RAGE, ON THE ROAD AGAIN

Experts claim we need to keep our rage in check by playing soothing music while driving on crowded freeways. I tried it with country western music but it didn’t seem to work for me. Johnny Cash can drive you crazy.

Road rage has increased big time in recent years. My first experience with it occurred on an L.A. freeway in about 1956 when I was attempting to avoid a large metal box in my lane by moving over to the next one. An angry motorist would not let me in. He was screaming at me and offering a signal that is not to be found in the motor vehicle handbook. To my surprise he was wearing a clerical collar. I figured it was a costume, given it was near the Halloween season. After becoming a minister I met several colleagues who admitted they too used that signal, along with me.

Statistics report that most angry motorists are men in their thirties and that’s about the age I was when I used the middle digit to make a point. What if cars owned by young adults have to listen only to relaxing music?

I’ve wondered if the motor vehicle department might offer courses for road-rage motorists who are addicted to being explosive on the highways. If the angry attitude is increasing why not try to come up with ideas on how to calm down such hotheads?

Of course I would tend to rely upon one-on-one bonding if at all possible. I have alluded to road rage scenarios in my essays in the past but I think the theme needs to be lifted up again now that I have three grandchildren who are beginning to drive.

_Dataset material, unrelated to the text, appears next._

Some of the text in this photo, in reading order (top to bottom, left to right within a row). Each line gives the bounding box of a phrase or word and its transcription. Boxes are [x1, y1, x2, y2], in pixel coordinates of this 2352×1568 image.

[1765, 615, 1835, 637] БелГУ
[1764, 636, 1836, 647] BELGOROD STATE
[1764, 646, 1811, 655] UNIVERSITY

I commuted for a time in San Diego by taking interstate-five in the early mornings. The six lanes were jam-packed with motorists driving 95 miles per hour and slowing down to 10 miles per hour several times at 5 mph and back to 95 with bikers weaving in and out. I recall on my freeways years ago most drivers were doing 80 miles per hour so I slowed down, out of revenge I guess. I got several nasty signals.

You readers may not want to bond with motorists as I did that morning. I followed the last angry flasher until he left the freeway and drove to a Starbucks store. I walked in behind him and stood in a long line. I asked where he lived and where he was born and raised. He talked about his town and his grandma for about ten minutes. I didn’t mention how he had greeted me just before our little sweet talk. If I had not met him in that store I would have hated him for about five or ten minutes.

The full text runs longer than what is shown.